*Data to process*:
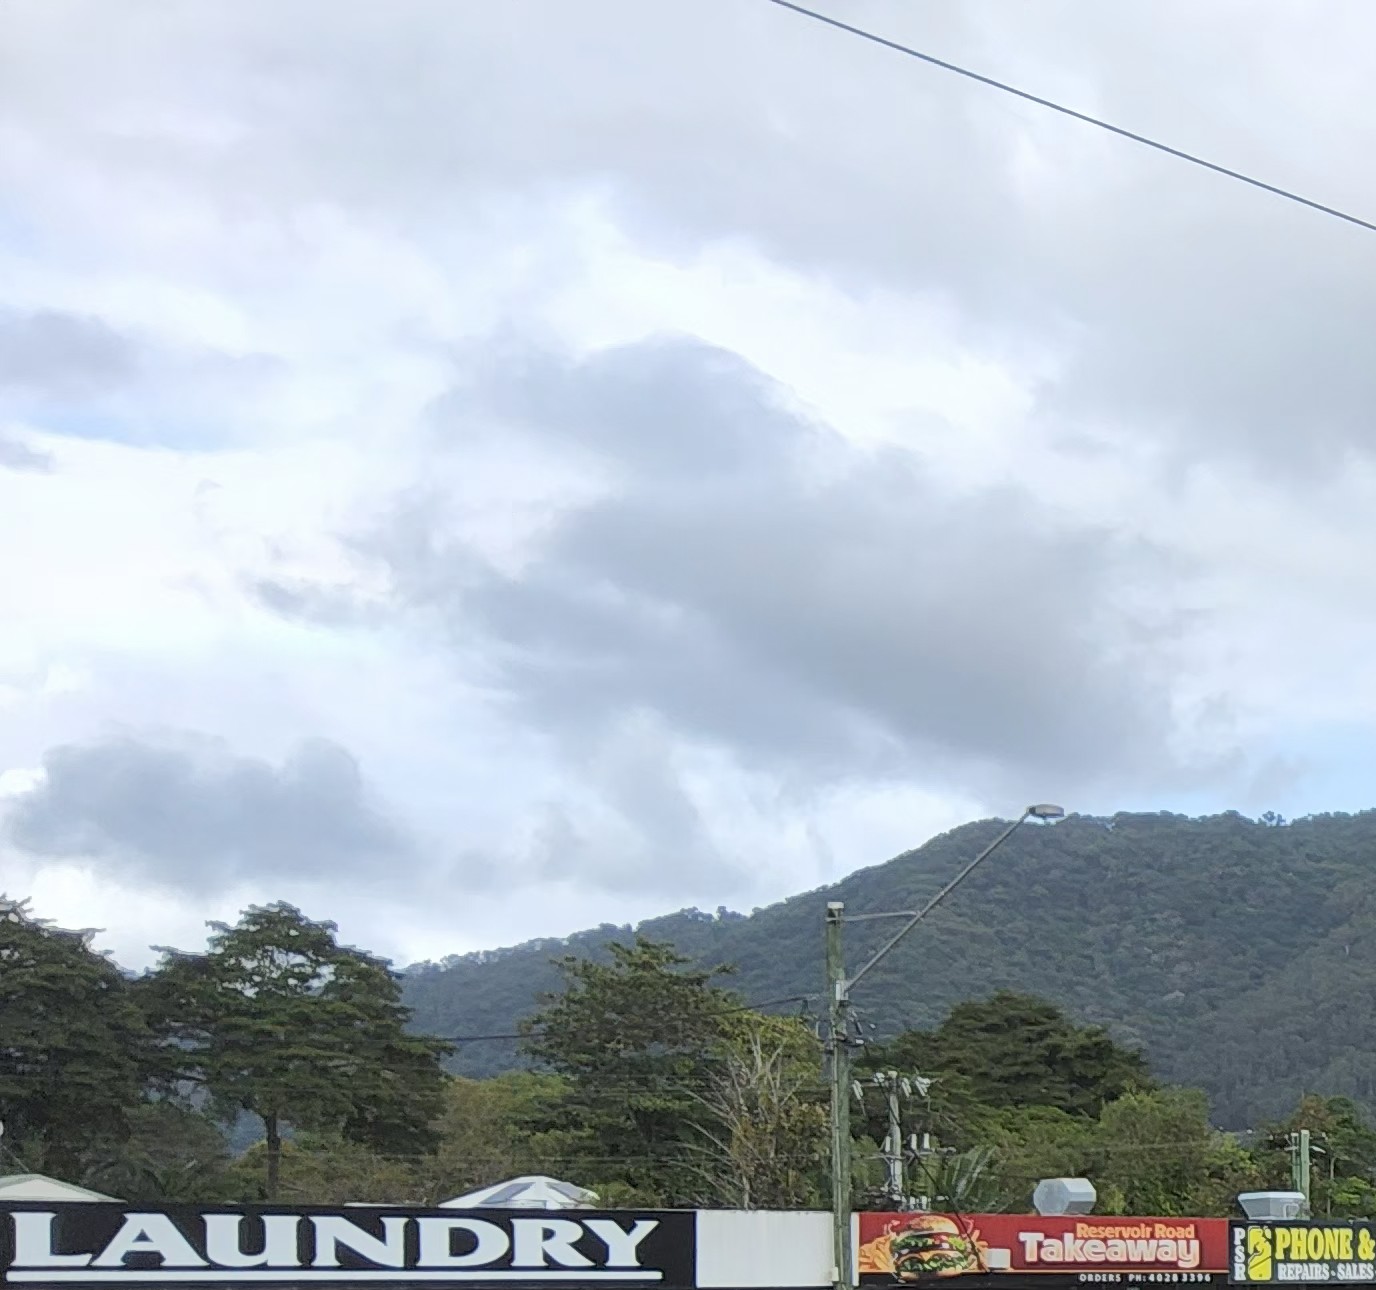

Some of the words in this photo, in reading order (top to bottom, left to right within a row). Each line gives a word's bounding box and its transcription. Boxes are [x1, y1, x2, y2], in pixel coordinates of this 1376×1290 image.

[8, 1210, 660, 1269] LAUNDRY
[1076, 1222, 1152, 1239] Reservoir
[1153, 1223, 1196, 1239] Road
[1275, 1228, 1353, 1260] PHONE
[1359, 1228, 1376, 1261] &
[1018, 1231, 1201, 1268] Takeaway
[1233, 1227, 1246, 1281] PSR
[1078, 1273, 1122, 1283] ORDERS
[1277, 1262, 1330, 1280] REPAIRS
[1337, 1262, 1374, 1280] SALES
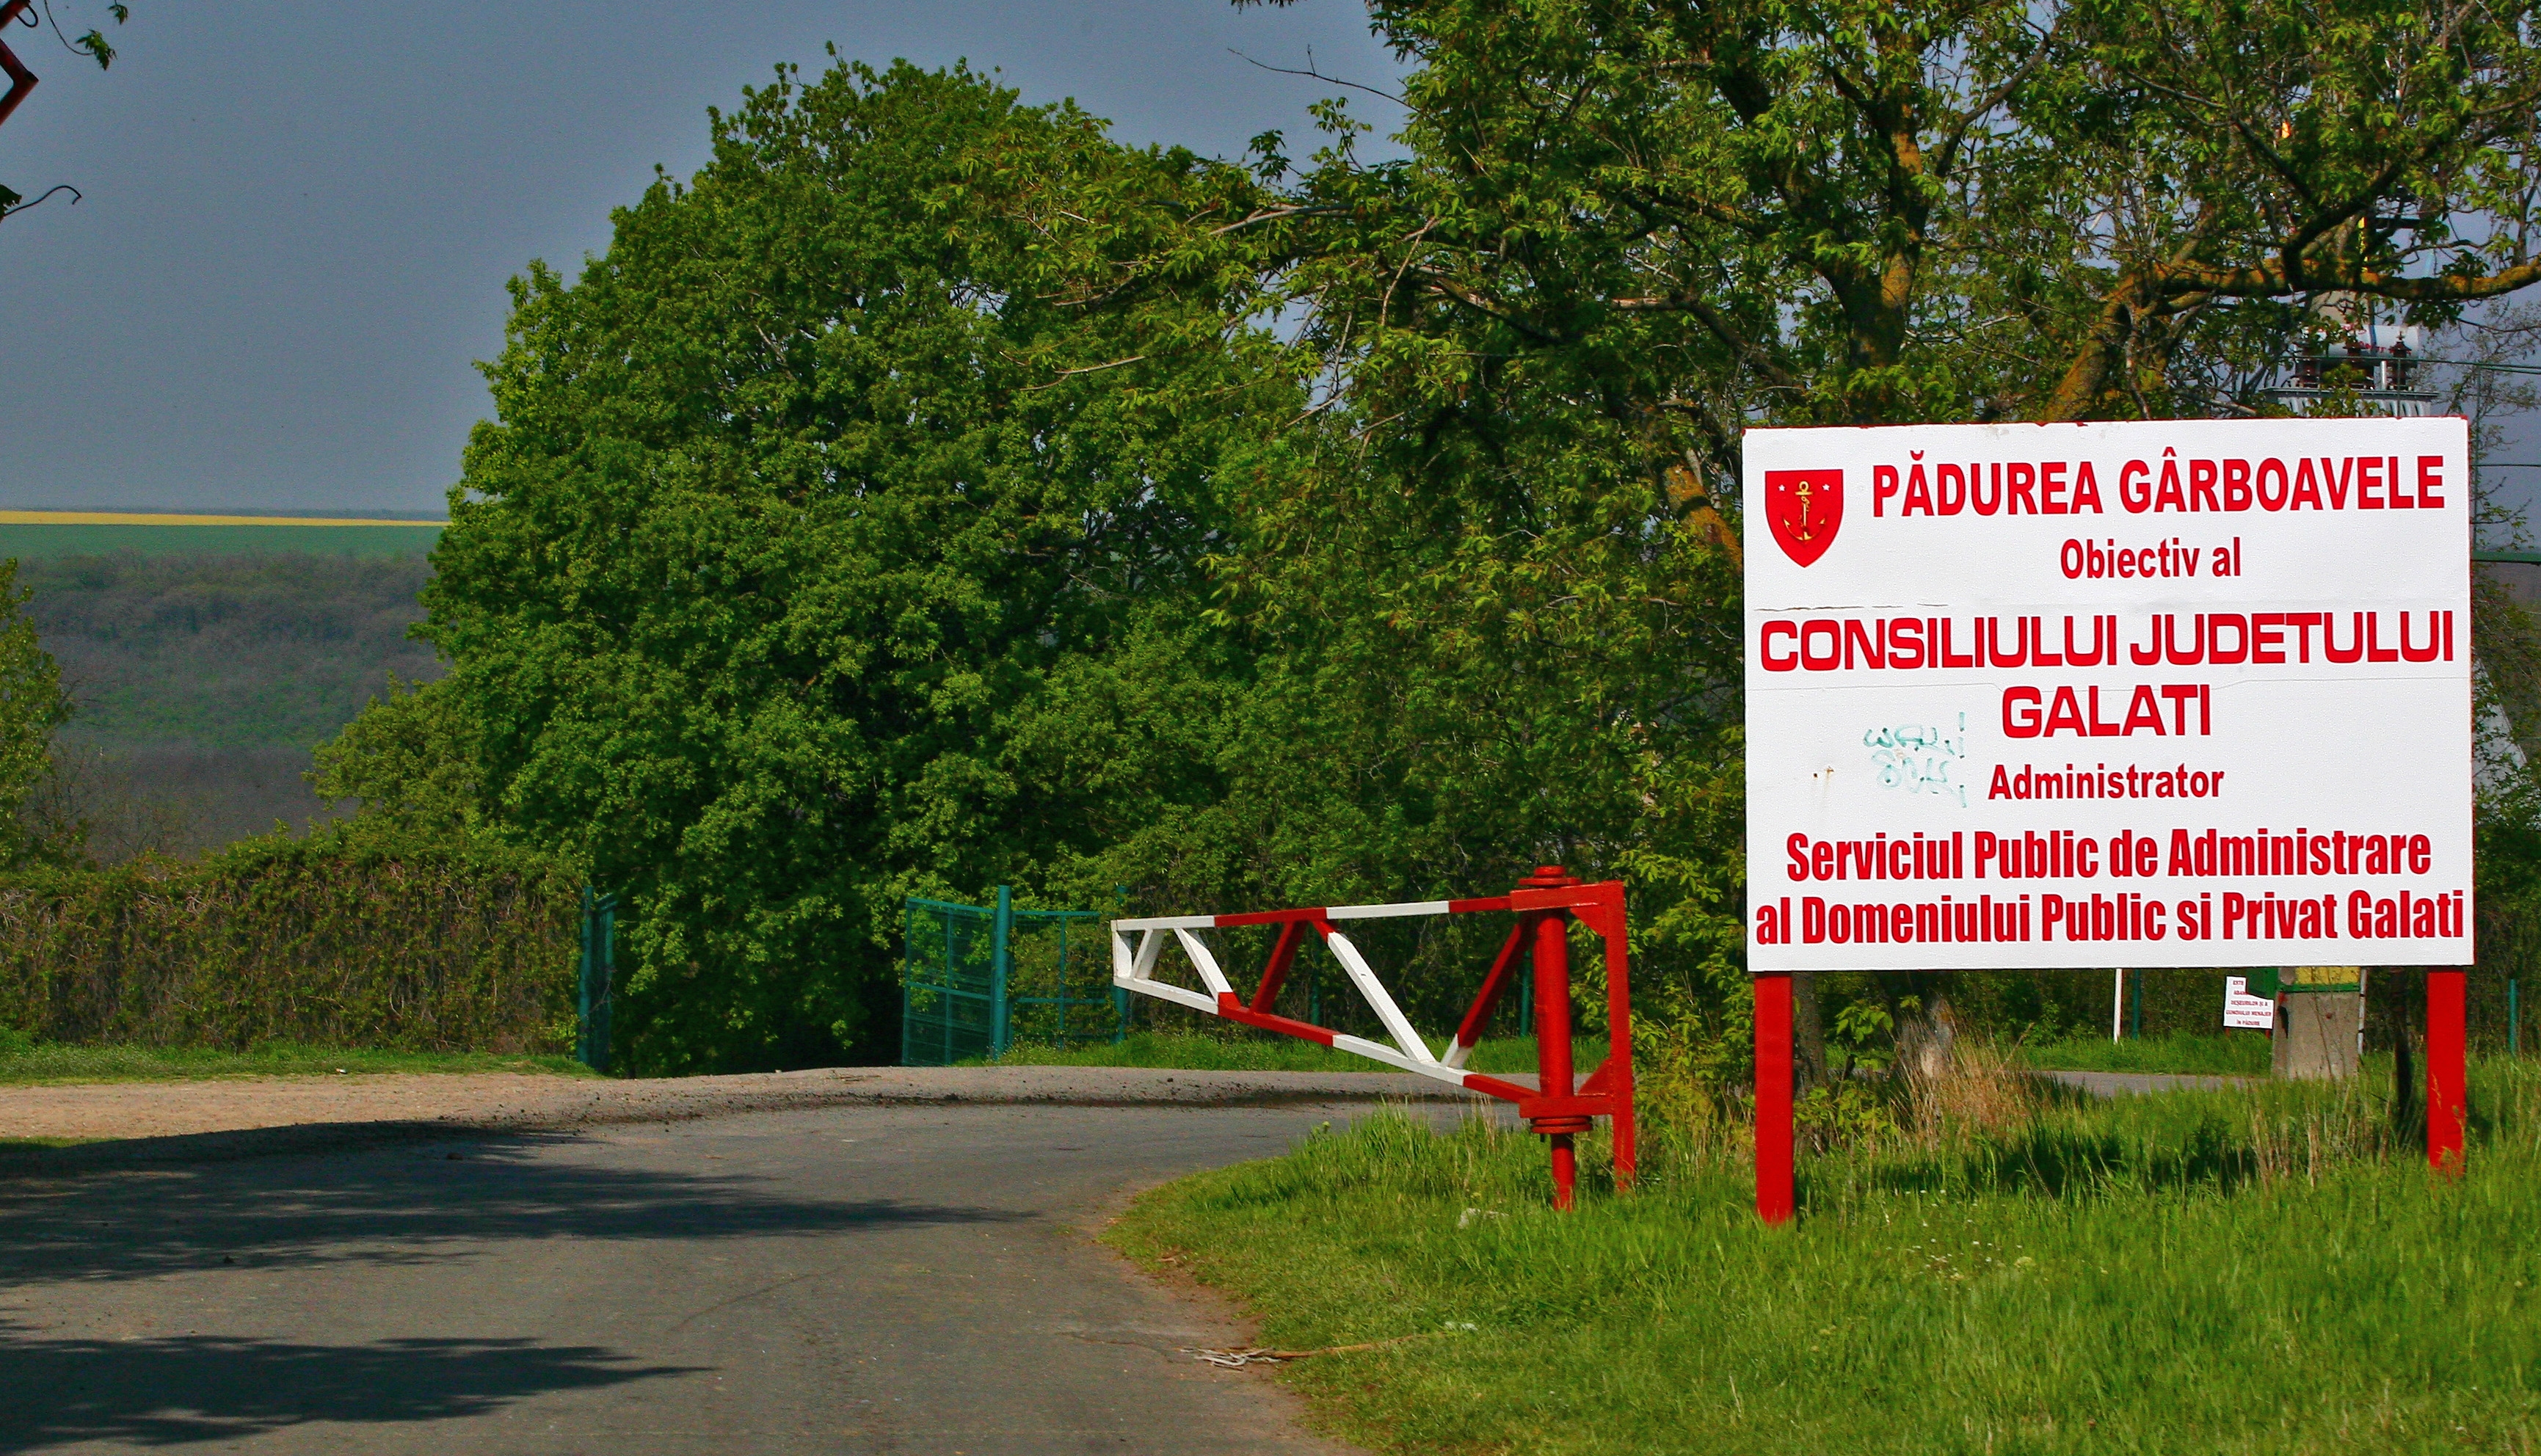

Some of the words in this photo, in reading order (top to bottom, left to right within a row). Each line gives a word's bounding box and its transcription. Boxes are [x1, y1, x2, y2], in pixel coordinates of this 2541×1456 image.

[1873, 451, 2104, 518] PĂDUREA
[2119, 445, 2445, 514] GÂRBOAVELE
[2060, 536, 2200, 580] Obiectiv
[2211, 536, 2241, 578] al
[1760, 614, 2118, 672] CONSILIULUI
[2129, 610, 2454, 666] JUDETULUI
[2002, 683, 2211, 739] GALATI
[1988, 762, 2225, 801] Administrator
[1786, 831, 1963, 882] Serviciul
[1974, 829, 2099, 880] Public
[2109, 829, 2159, 878] de
[2167, 827, 2432, 877] Administrare
[1756, 896, 1792, 945] al
[1802, 893, 2031, 944] Domeniului
[2041, 892, 2167, 942] Public
[2176, 892, 2211, 942] si
[2222, 891, 2338, 940] Privat
[2347, 889, 2464, 940] Galati

*What you will do*:
The pictures stay out; please reproduce everything else in the entries exactly.

*Task answer*:
Some of the words in this photo, in reading order (top to bottom, left to right within a row). Each line gives a word's bounding box and its transcription. Boxes are [x1, y1, x2, y2], in pixel coordinates of this 1376×1290 image.

[8, 1210, 660, 1269] LAUNDRY
[1076, 1222, 1152, 1239] Reservoir
[1153, 1223, 1196, 1239] Road
[1275, 1228, 1353, 1260] PHONE
[1359, 1228, 1376, 1261] &
[1018, 1231, 1201, 1268] Takeaway
[1233, 1227, 1246, 1281] PSR
[1078, 1273, 1122, 1283] ORDERS
[1277, 1262, 1330, 1280] REPAIRS
[1337, 1262, 1374, 1280] SALES

Some of the words in this photo, in reading order (top to bottom, left to right within a row). Each line gives a word's bounding box and its transcription. Boxes are [x1, y1, x2, y2], in pixel coordinates of this 2541×1456 image.

[1873, 451, 2104, 518] PĂDUREA
[2119, 445, 2445, 514] GÂRBOAVELE
[2060, 536, 2200, 580] Obiectiv
[2211, 536, 2241, 578] al
[1760, 614, 2118, 672] CONSILIULUI
[2129, 610, 2454, 666] JUDETULUI
[2002, 683, 2211, 739] GALATI
[1988, 762, 2225, 801] Administrator
[1786, 831, 1963, 882] Serviciul
[1974, 829, 2099, 880] Public
[2109, 829, 2159, 878] de
[2167, 827, 2432, 877] Administrare
[1756, 896, 1792, 945] al
[1802, 893, 2031, 944] Domeniului
[2041, 892, 2167, 942] Public
[2176, 892, 2211, 942] si
[2222, 891, 2338, 940] Privat
[2347, 889, 2464, 940] Galati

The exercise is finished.